**ABOUT THIS EXERCISE**:
Would you transcribe the records below exactly, omitting every picture?
[DATA TO USE Boundary: Start]
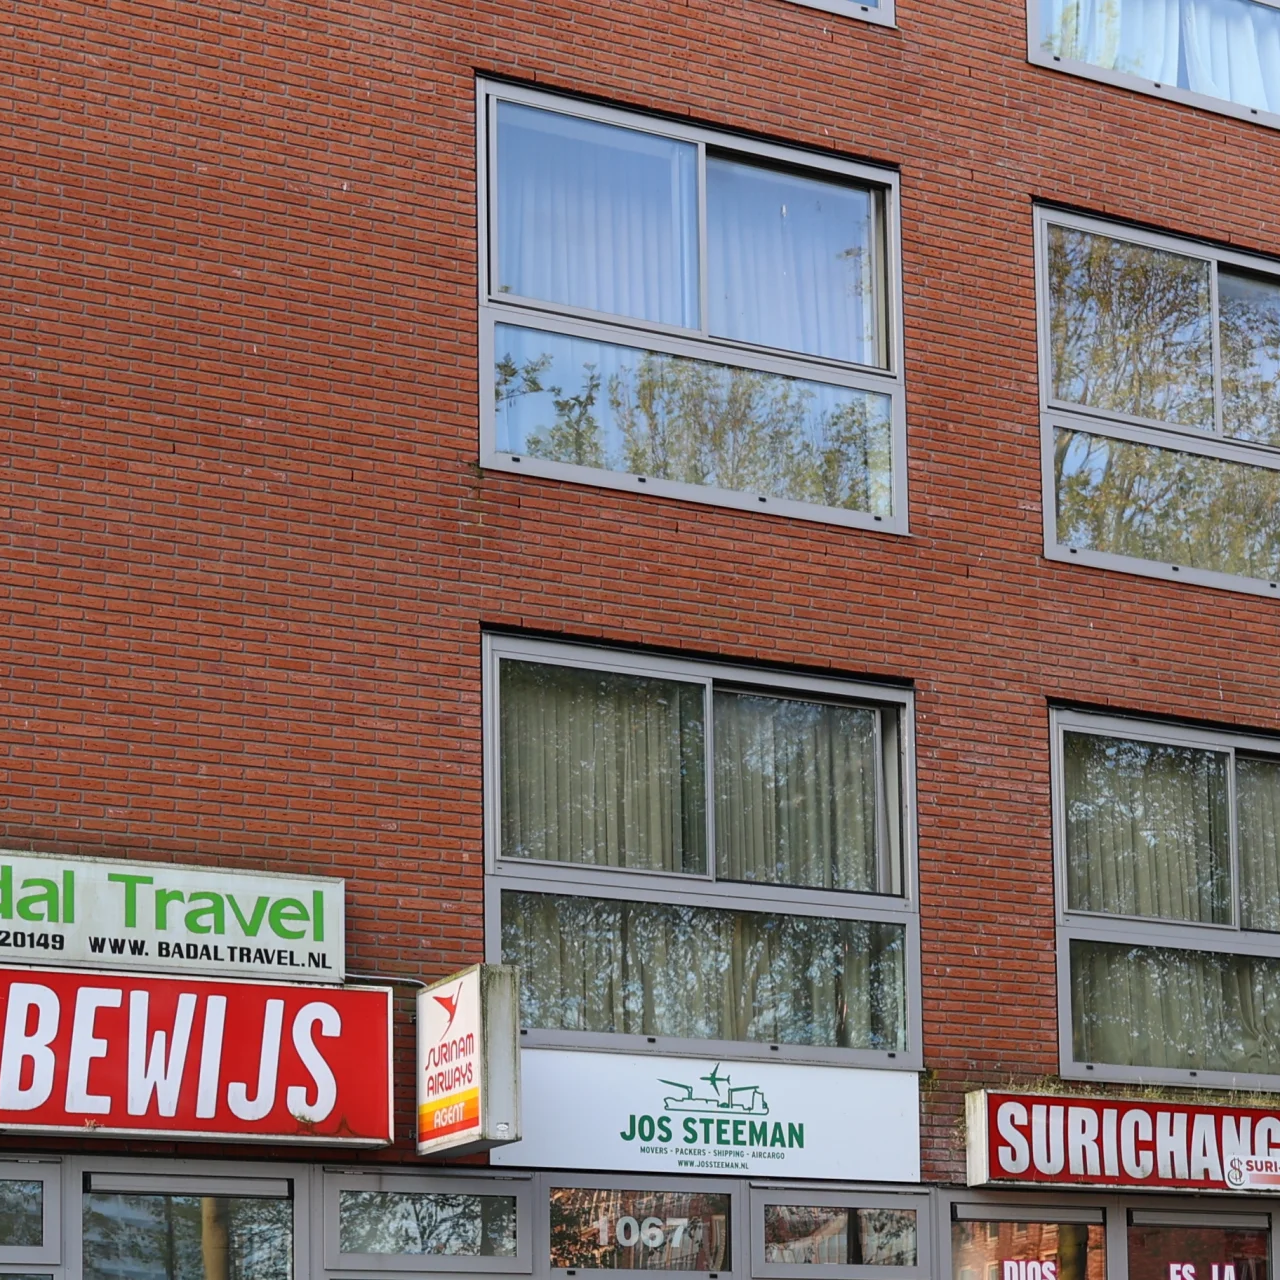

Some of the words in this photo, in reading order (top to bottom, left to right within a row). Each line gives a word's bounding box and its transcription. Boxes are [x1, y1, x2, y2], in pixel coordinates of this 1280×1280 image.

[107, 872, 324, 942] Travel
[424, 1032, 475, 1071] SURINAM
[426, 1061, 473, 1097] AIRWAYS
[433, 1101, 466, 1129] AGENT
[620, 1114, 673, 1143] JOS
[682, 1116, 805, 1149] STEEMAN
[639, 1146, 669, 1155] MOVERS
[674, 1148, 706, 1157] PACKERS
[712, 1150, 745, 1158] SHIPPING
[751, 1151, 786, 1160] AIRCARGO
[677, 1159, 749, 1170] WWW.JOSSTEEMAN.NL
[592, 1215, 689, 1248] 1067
[DATA TO USE Boundary: End]
**TASK SOLUTION**:
Some of the words in this photo, in reading order (top to bottom, left to right within a row). Each line gives a word's bounding box and its transcription. Boxes are [x1, y1, x2, y2], in pixel coordinates of this 1280×1280 image.

[107, 872, 324, 942] Travel
[424, 1032, 475, 1071] SURINAM
[426, 1061, 473, 1097] AIRWAYS
[433, 1101, 466, 1129] AGENT
[620, 1114, 673, 1143] JOS
[682, 1116, 805, 1149] STEEMAN
[639, 1146, 669, 1155] MOVERS
[674, 1148, 706, 1157] PACKERS
[712, 1150, 745, 1158] SHIPPING
[751, 1151, 786, 1160] AIRCARGO
[677, 1159, 749, 1170] WWW.JOSSTEEMAN.NL
[592, 1215, 689, 1248] 1067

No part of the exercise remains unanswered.